===== SOURCE MATERIAL
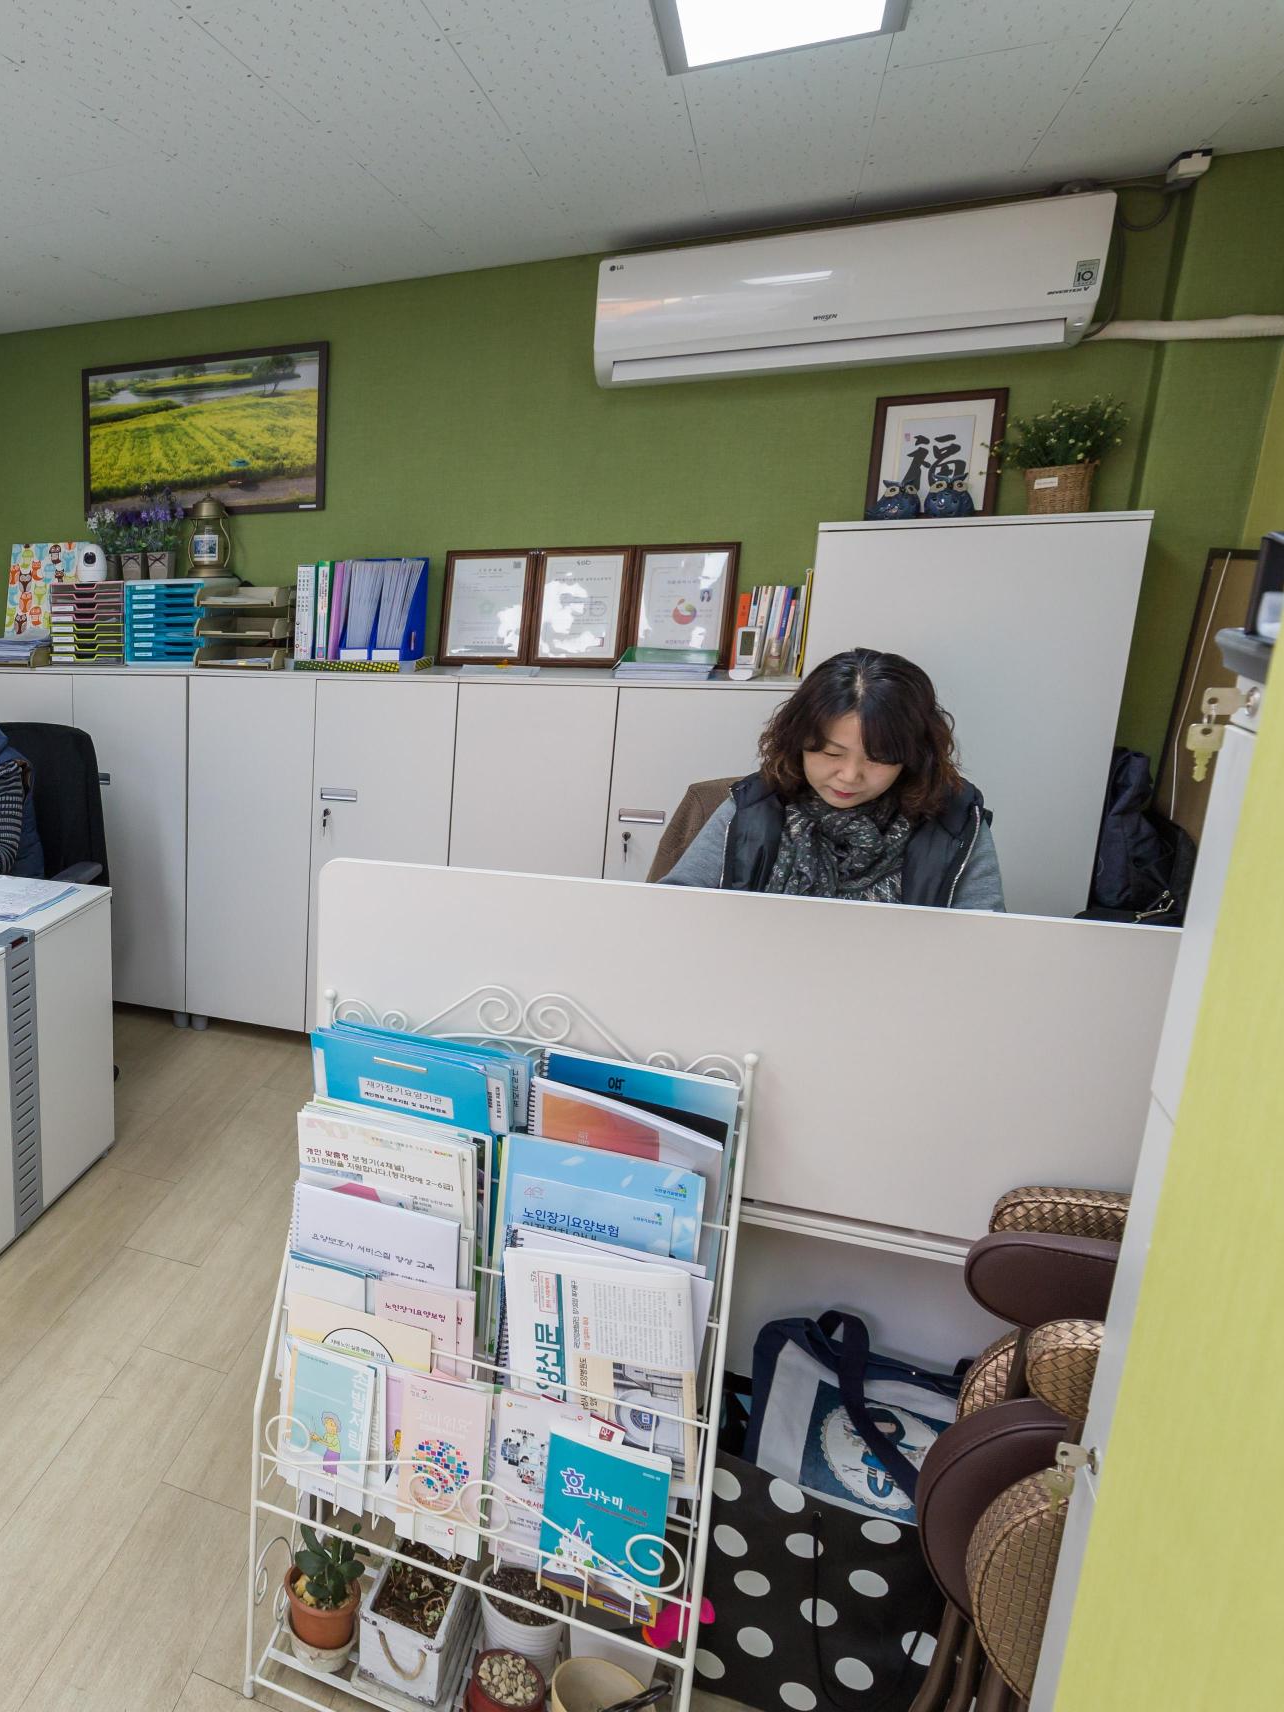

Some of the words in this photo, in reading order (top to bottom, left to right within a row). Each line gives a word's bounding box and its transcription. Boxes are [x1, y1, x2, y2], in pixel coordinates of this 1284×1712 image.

[1077, 270, 1094, 281] 10
[901, 433, 968, 490] 福
[523, 1207, 619, 1238] 노인장기요양보험
[385, 1302, 446, 1323] 노인장기요양보험
[535, 1322, 561, 1391] 양신문
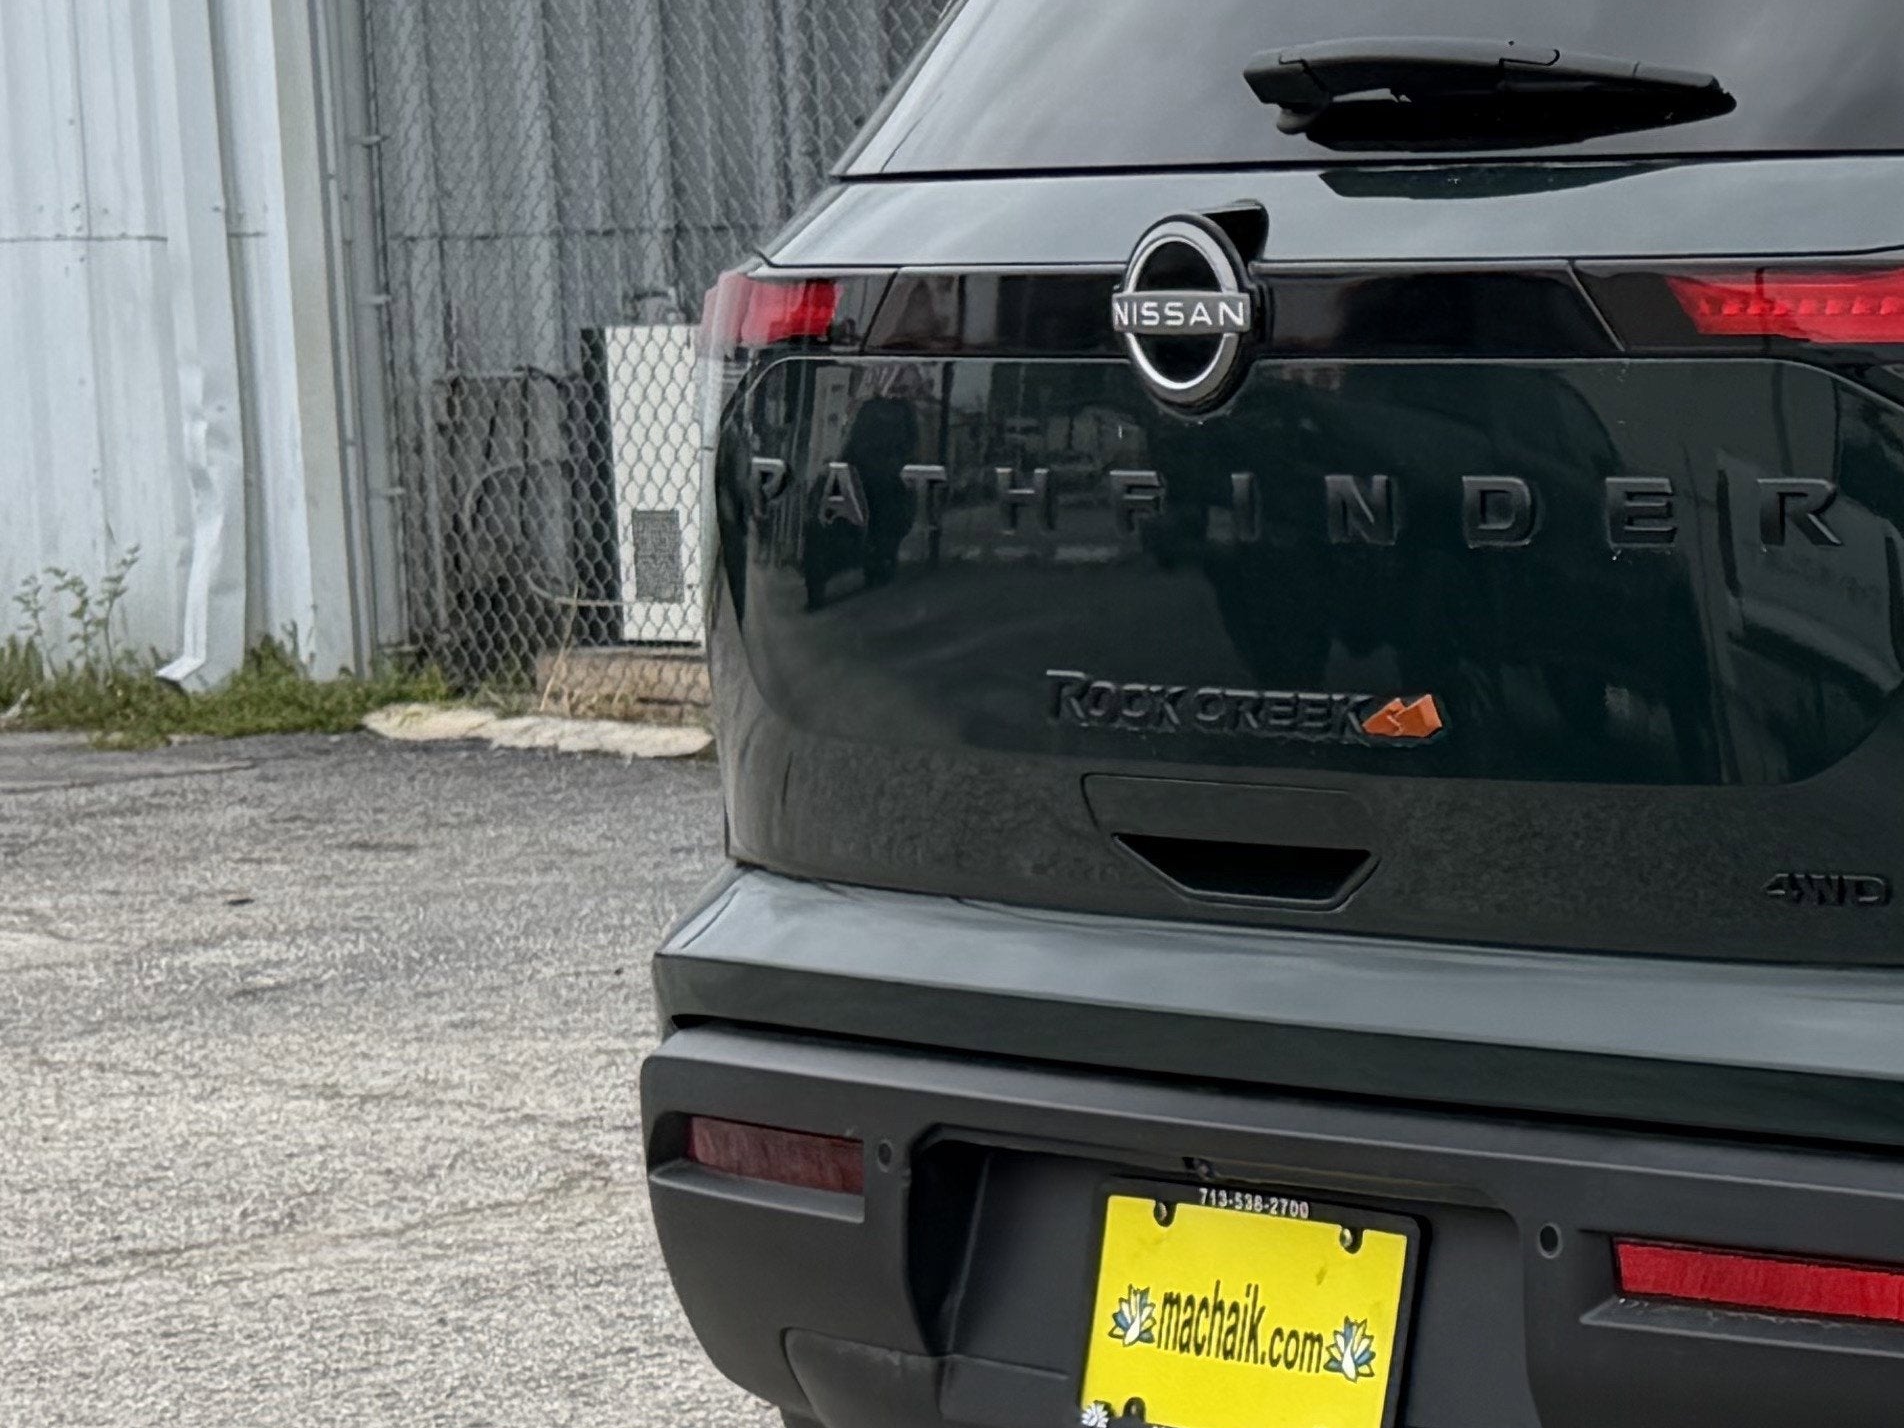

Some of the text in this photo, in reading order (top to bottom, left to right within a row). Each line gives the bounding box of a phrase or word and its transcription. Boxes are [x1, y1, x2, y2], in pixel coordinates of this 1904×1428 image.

[1113, 301, 1244, 327] NISSAN
[748, 455, 1842, 552] PATHFINDER
[1760, 873, 1892, 906] 4WD
[1157, 1278, 1324, 1374] machaik.com
==========
→ WHAT IS BEING ASKED
With the pictures omitted, reproduce the data above exactly.

→ SOLUTION TO THIS EXERCISE
Some of the words in this photo, in reading order (top to bottom, left to right within a row). Each line gives a word's bounding box and its transcription. Boxes are [x1, y1, x2, y2], in pixel coordinates of this 1284×1712 image.

[1077, 270, 1094, 281] 10
[901, 433, 968, 490] 福
[523, 1207, 619, 1238] 노인장기요양보험
[385, 1302, 446, 1323] 노인장기요양보험
[535, 1322, 561, 1391] 양신문

Some of the text in this photo, in reading order (top to bottom, left to right within a row). Each line gives the bounding box of a phrase or word and its transcription. Boxes are [x1, y1, x2, y2], in pixel coordinates of this 1904×1428 image.

[1113, 301, 1244, 327] NISSAN
[748, 455, 1842, 552] PATHFINDER
[1760, 873, 1892, 906] 4WD
[1157, 1278, 1324, 1374] machaik.com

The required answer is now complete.